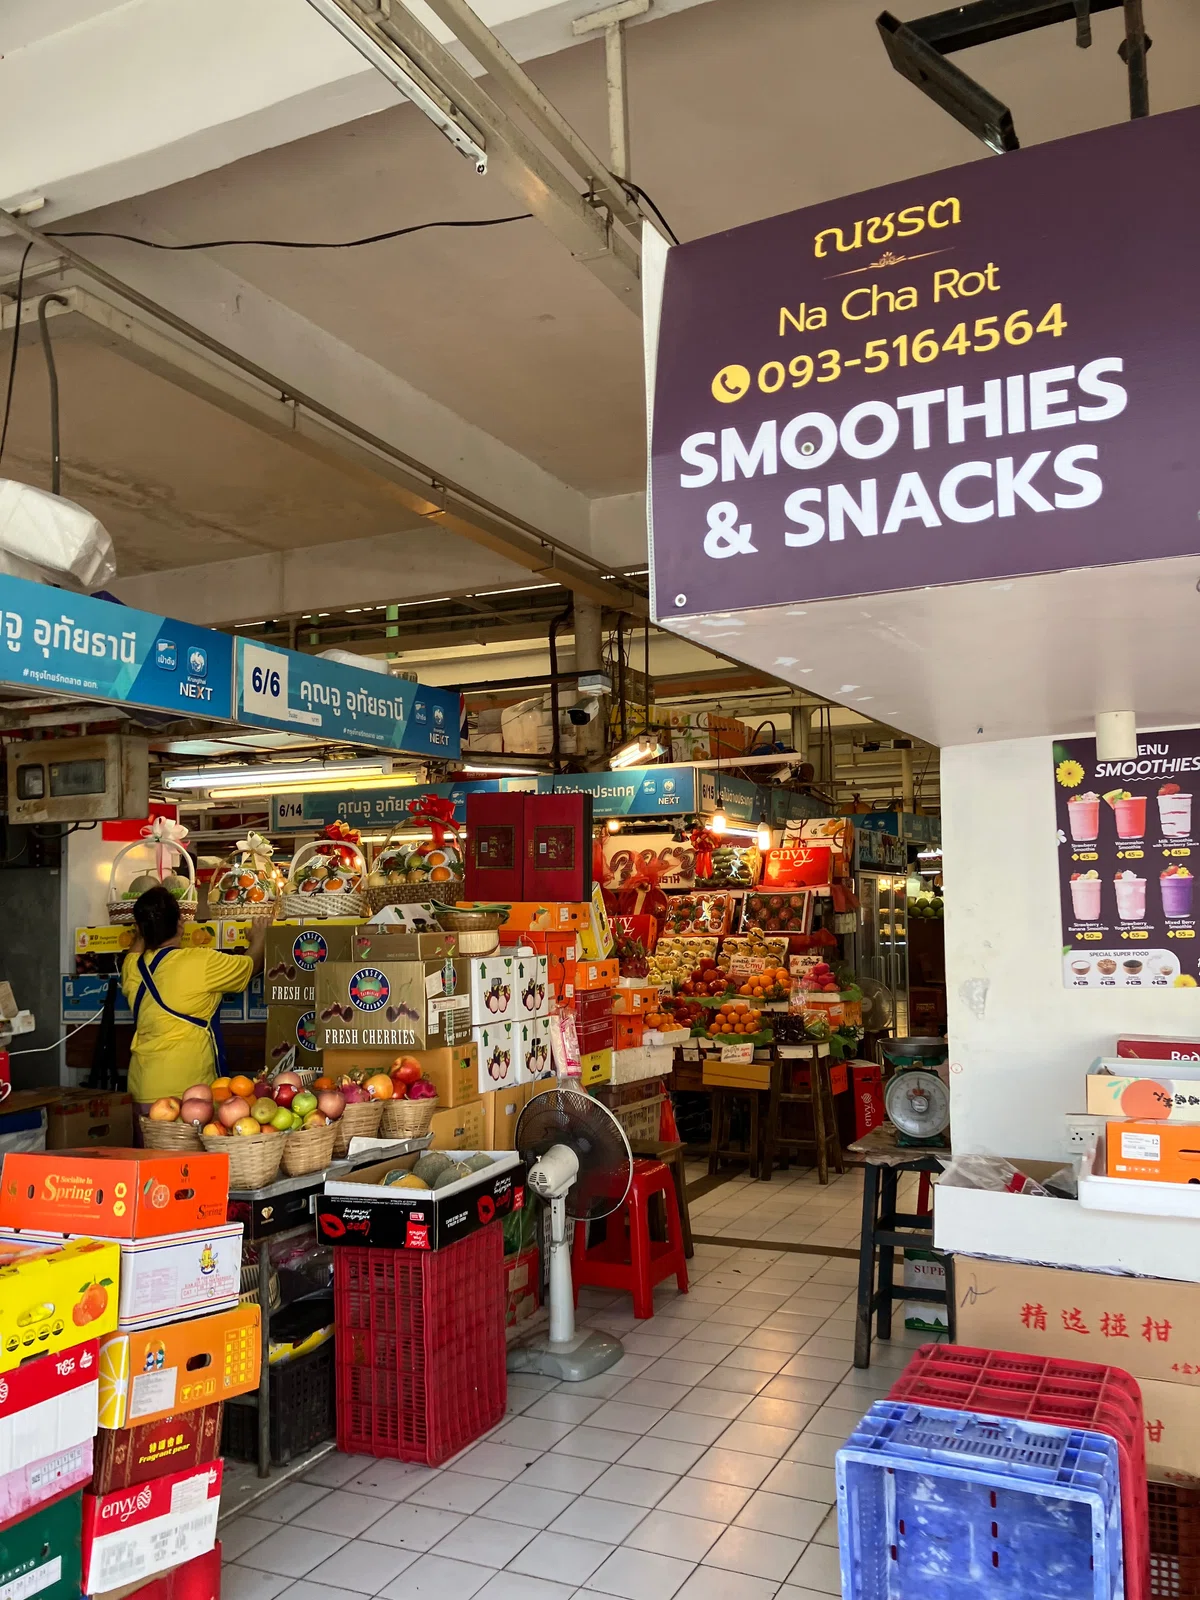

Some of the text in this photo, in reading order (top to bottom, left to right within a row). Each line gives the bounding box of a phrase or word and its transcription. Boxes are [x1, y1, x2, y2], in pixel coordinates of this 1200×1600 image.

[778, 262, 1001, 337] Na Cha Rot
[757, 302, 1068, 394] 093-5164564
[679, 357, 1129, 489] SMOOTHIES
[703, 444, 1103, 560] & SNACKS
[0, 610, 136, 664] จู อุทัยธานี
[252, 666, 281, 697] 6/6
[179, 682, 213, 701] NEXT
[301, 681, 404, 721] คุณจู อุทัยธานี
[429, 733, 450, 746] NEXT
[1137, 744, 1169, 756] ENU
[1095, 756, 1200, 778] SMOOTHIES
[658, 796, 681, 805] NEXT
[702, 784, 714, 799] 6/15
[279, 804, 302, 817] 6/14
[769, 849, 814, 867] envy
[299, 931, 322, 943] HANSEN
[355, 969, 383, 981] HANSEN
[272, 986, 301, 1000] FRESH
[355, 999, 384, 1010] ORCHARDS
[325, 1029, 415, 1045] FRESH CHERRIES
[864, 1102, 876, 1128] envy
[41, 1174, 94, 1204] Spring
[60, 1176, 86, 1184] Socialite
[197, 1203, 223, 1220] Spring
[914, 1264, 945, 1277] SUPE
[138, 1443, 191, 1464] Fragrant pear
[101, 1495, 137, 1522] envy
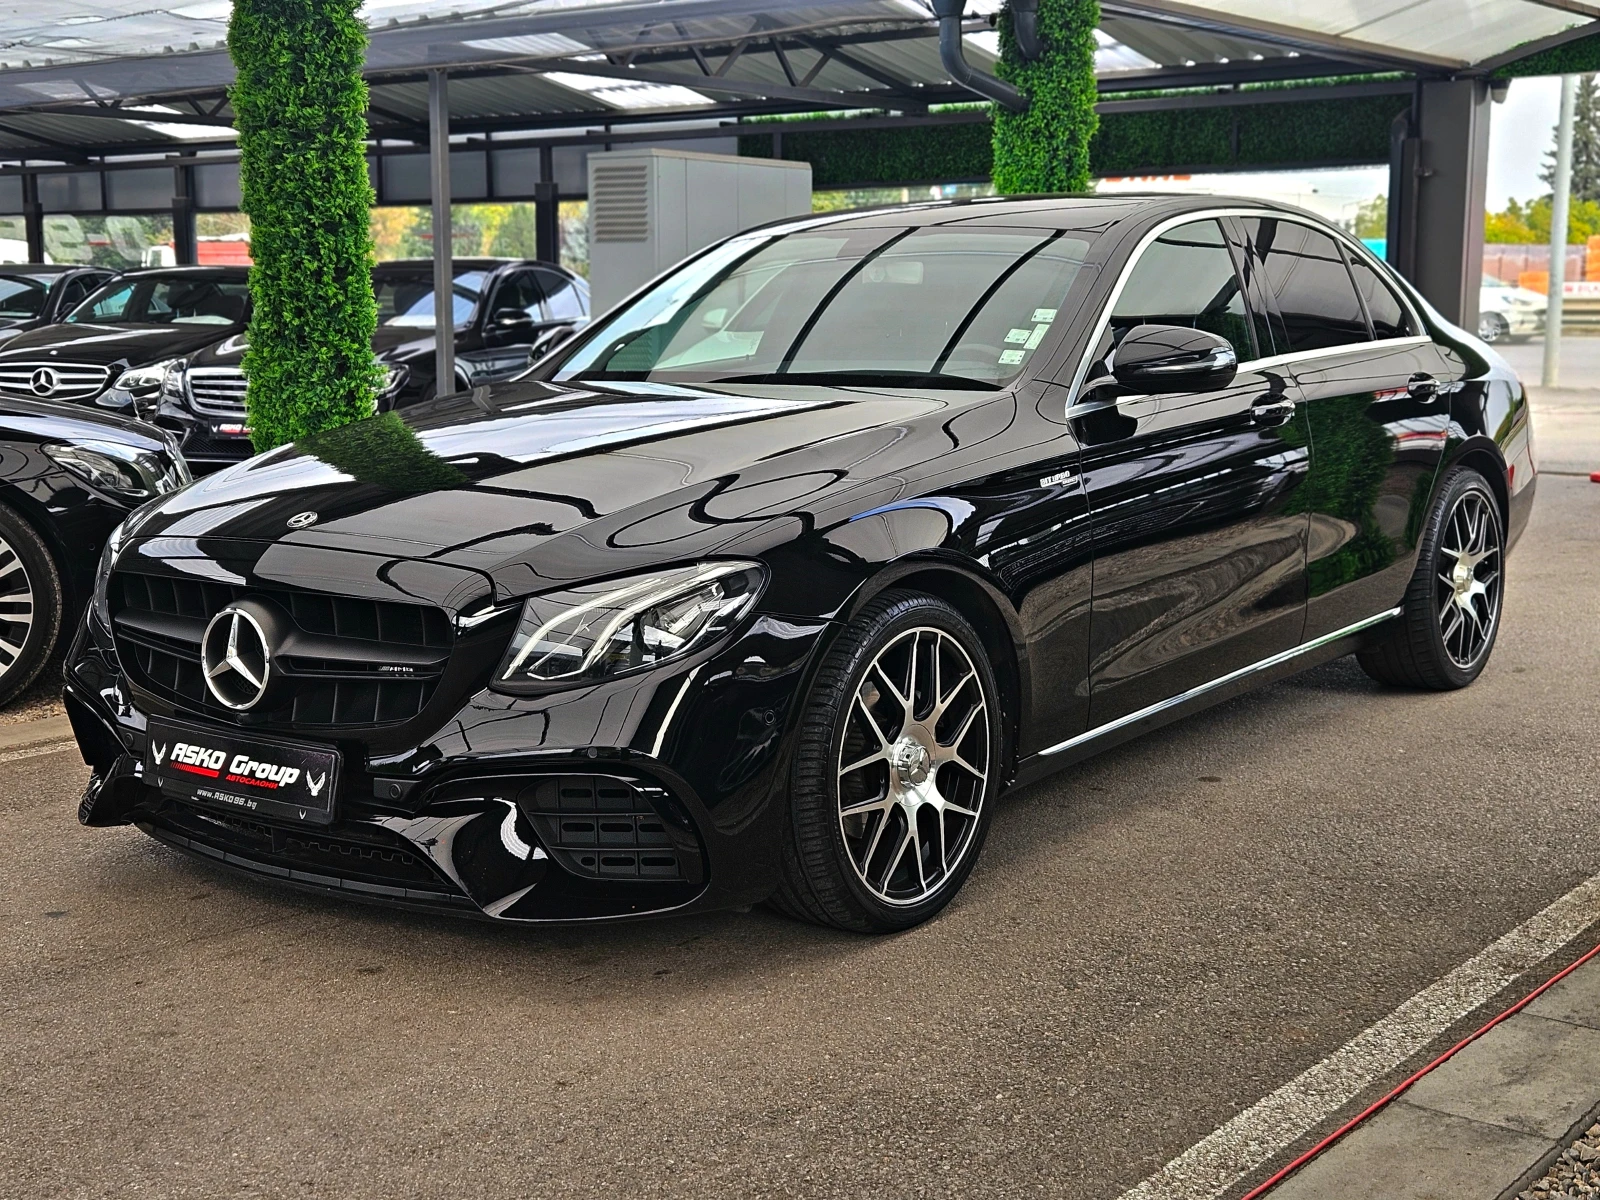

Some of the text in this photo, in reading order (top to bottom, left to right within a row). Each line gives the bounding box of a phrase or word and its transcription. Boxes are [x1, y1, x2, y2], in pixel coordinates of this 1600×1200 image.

WORK TO COMPLETE:
Set down all of the entries exactly as they appear, but keep the images out.

TASK ANSWER:
Some of the text in this photo, in reading order (top to bottom, left to right within a row). Each line gives the bounding box of a phrase or word and its transcription. Boxes are [x1, y1, x2, y2], in pixel coordinates of this 1200×1600 image.

[778, 262, 1001, 337] Na Cha Rot
[757, 302, 1068, 394] 093-5164564
[679, 357, 1129, 489] SMOOTHIES
[703, 444, 1103, 560] & SNACKS
[0, 610, 136, 664] จู อุทัยธานี
[252, 666, 281, 697] 6/6
[179, 682, 213, 701] NEXT
[301, 681, 404, 721] คุณจู อุทัยธานี
[429, 733, 450, 746] NEXT
[1137, 744, 1169, 756] ENU
[1095, 756, 1200, 778] SMOOTHIES
[658, 796, 681, 805] NEXT
[702, 784, 714, 799] 6/15
[279, 804, 302, 817] 6/14
[769, 849, 814, 867] envy
[299, 931, 322, 943] HANSEN
[355, 969, 383, 981] HANSEN
[272, 986, 301, 1000] FRESH
[355, 999, 384, 1010] ORCHARDS
[325, 1029, 415, 1045] FRESH CHERRIES
[864, 1102, 876, 1128] envy
[41, 1174, 94, 1204] Spring
[60, 1176, 86, 1184] Socialite
[197, 1203, 223, 1220] Spring
[914, 1264, 945, 1277] SUPE
[138, 1443, 191, 1464] Fragrant pear
[101, 1495, 137, 1522] envy

Some of the text in this photo, in reading order (top to bottom, left to right within a row). Each line gives the bounding box of a phrase or word and its transcription. Boxes are [x1, y1, x2, y2], in pixel coordinates of this 1600×1200 image.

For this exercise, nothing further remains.